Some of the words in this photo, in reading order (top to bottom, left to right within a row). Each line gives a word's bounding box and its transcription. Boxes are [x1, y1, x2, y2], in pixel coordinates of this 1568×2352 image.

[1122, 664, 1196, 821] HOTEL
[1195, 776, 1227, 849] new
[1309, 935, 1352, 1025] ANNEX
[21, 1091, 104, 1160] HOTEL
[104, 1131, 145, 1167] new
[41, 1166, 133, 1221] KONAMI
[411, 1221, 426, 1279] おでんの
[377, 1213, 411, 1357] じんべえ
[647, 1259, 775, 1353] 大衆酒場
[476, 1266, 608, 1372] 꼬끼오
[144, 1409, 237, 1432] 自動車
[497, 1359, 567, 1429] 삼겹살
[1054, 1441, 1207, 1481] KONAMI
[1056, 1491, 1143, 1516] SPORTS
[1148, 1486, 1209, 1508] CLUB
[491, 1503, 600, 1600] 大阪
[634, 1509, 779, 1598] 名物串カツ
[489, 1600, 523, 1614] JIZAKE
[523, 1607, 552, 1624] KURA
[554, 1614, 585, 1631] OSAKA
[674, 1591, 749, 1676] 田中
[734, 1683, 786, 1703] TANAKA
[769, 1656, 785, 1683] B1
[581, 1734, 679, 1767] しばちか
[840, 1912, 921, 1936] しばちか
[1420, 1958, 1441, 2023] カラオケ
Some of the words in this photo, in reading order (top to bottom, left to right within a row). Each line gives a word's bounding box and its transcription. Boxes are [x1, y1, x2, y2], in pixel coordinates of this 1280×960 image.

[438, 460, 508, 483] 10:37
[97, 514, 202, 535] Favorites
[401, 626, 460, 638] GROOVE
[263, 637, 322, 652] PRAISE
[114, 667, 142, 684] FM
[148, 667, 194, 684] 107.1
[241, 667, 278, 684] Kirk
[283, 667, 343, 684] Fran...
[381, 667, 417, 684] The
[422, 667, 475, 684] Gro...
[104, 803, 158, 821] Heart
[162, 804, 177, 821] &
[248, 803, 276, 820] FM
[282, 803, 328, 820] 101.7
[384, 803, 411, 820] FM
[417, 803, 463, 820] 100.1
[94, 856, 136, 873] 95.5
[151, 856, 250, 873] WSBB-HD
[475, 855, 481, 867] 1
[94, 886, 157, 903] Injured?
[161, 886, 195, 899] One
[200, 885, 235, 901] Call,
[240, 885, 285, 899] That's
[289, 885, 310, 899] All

□ □ □

The response has to match the data exactly, line for line.

## SOLUTION TO THE PROBLEM
Some of the words in this photo, in reading order (top to bottom, left to right within a row). Each line gives a word's bounding box and its transcription. Boxes are [x1, y1, x2, y2], in pixel coordinates of this 1568×2352 image.

[1122, 664, 1196, 821] HOTEL
[1195, 776, 1227, 849] new
[1309, 935, 1352, 1025] ANNEX
[21, 1091, 104, 1160] HOTEL
[104, 1131, 145, 1167] new
[41, 1166, 133, 1221] KONAMI
[411, 1221, 426, 1279] おでんの
[377, 1213, 411, 1357] じんべえ
[647, 1259, 775, 1353] 大衆酒場
[476, 1266, 608, 1372] 꼬끼오
[144, 1409, 237, 1432] 自動車
[497, 1359, 567, 1429] 삼겹살
[1054, 1441, 1207, 1481] KONAMI
[1056, 1491, 1143, 1516] SPORTS
[1148, 1486, 1209, 1508] CLUB
[491, 1503, 600, 1600] 大阪
[634, 1509, 779, 1598] 名物串カツ
[489, 1600, 523, 1614] JIZAKE
[523, 1607, 552, 1624] KURA
[554, 1614, 585, 1631] OSAKA
[674, 1591, 749, 1676] 田中
[734, 1683, 786, 1703] TANAKA
[769, 1656, 785, 1683] B1
[581, 1734, 679, 1767] しばちか
[840, 1912, 921, 1936] しばちか
[1420, 1958, 1441, 2023] カラオケ
Some of the words in this photo, in reading order (top to bottom, left to right within a row). Each line gives a word's bounding box and its transcription. Boxes are [x1, y1, x2, y2], in pixel coordinates of this 1280×960 image.

[438, 460, 508, 483] 10:37
[97, 514, 202, 535] Favorites
[401, 626, 460, 638] GROOVE
[263, 637, 322, 652] PRAISE
[114, 667, 142, 684] FM
[148, 667, 194, 684] 107.1
[241, 667, 278, 684] Kirk
[283, 667, 343, 684] Fran...
[381, 667, 417, 684] The
[422, 667, 475, 684] Gro...
[104, 803, 158, 821] Heart
[162, 804, 177, 821] &
[248, 803, 276, 820] FM
[282, 803, 328, 820] 101.7
[384, 803, 411, 820] FM
[417, 803, 463, 820] 100.1
[94, 856, 136, 873] 95.5
[151, 856, 250, 873] WSBB-HD
[475, 855, 481, 867] 1
[94, 886, 157, 903] Injured?
[161, 886, 195, 899] One
[200, 885, 235, 901] Call,
[240, 885, 285, 899] That's
[289, 885, 310, 899] All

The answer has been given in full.